_Exercise data:_
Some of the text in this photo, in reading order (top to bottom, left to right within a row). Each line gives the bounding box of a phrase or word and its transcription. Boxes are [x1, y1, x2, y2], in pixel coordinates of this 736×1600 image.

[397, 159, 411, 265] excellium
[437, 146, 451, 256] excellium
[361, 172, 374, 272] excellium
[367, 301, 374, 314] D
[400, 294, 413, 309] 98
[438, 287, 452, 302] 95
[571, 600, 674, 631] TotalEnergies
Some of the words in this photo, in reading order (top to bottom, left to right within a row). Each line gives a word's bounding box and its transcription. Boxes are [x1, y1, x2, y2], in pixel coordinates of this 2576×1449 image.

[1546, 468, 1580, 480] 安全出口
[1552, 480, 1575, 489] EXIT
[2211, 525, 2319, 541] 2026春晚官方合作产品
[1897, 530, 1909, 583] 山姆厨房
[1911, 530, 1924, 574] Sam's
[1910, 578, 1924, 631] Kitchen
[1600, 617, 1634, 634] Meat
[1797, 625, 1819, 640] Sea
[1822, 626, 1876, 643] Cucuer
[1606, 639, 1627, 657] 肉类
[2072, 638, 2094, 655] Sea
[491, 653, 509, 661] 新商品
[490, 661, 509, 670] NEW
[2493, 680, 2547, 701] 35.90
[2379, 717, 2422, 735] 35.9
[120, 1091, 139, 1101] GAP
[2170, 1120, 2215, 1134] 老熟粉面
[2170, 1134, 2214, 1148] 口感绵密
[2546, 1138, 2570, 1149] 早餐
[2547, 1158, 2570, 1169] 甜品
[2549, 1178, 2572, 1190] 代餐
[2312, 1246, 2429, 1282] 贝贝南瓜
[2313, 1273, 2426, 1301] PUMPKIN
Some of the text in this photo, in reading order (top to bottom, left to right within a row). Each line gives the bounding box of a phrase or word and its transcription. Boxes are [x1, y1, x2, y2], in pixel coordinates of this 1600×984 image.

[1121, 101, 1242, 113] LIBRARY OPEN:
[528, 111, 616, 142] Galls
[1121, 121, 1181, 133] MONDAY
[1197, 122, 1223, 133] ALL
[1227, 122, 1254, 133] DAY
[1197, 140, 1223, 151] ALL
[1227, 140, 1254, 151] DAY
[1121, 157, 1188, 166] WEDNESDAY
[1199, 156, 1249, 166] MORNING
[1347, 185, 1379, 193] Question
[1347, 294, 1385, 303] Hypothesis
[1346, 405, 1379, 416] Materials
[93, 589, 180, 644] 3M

_Exercise:_ Restate the whole listing word for word so that no line differs from the original.

_Task answer:_
Some of the text in this photo, in reading order (top to bottom, left to right within a row). Each line gives the bounding box of a phrase or word and its transcription. Boxes are [x1, y1, x2, y2], in pixel coordinates of this 736×1600 image.

[397, 159, 411, 265] excellium
[437, 146, 451, 256] excellium
[361, 172, 374, 272] excellium
[367, 301, 374, 314] D
[400, 294, 413, 309] 98
[438, 287, 452, 302] 95
[571, 600, 674, 631] TotalEnergies
Some of the words in this photo, in reading order (top to bottom, left to right within a row). Each line gives a word's bounding box and its transcription. Boxes are [x1, y1, x2, y2], in pixel coordinates of this 2576×1449 image.

[1546, 468, 1580, 480] 安全出口
[1552, 480, 1575, 489] EXIT
[2211, 525, 2319, 541] 2026春晚官方合作产品
[1897, 530, 1909, 583] 山姆厨房
[1911, 530, 1924, 574] Sam's
[1910, 578, 1924, 631] Kitchen
[1600, 617, 1634, 634] Meat
[1797, 625, 1819, 640] Sea
[1822, 626, 1876, 643] Cucuer
[1606, 639, 1627, 657] 肉类
[2072, 638, 2094, 655] Sea
[491, 653, 509, 661] 新商品
[490, 661, 509, 670] NEW
[2493, 680, 2547, 701] 35.90
[2379, 717, 2422, 735] 35.9
[120, 1091, 139, 1101] GAP
[2170, 1120, 2215, 1134] 老熟粉面
[2170, 1134, 2214, 1148] 口感绵密
[2546, 1138, 2570, 1149] 早餐
[2547, 1158, 2570, 1169] 甜品
[2549, 1178, 2572, 1190] 代餐
[2312, 1246, 2429, 1282] 贝贝南瓜
[2313, 1273, 2426, 1301] PUMPKIN
Some of the text in this photo, in reading order (top to bottom, left to right within a row). Each line gives the bounding box of a phrase or word and its transcription. Boxes are [x1, y1, x2, y2], in pixel coordinates of this 1600×984 image.

[1121, 101, 1242, 113] LIBRARY OPEN:
[528, 111, 616, 142] Galls
[1121, 121, 1181, 133] MONDAY
[1197, 122, 1223, 133] ALL
[1227, 122, 1254, 133] DAY
[1197, 140, 1223, 151] ALL
[1227, 140, 1254, 151] DAY
[1121, 157, 1188, 166] WEDNESDAY
[1199, 156, 1249, 166] MORNING
[1347, 185, 1379, 193] Question
[1347, 294, 1385, 303] Hypothesis
[1346, 405, 1379, 416] Materials
[93, 589, 180, 644] 3M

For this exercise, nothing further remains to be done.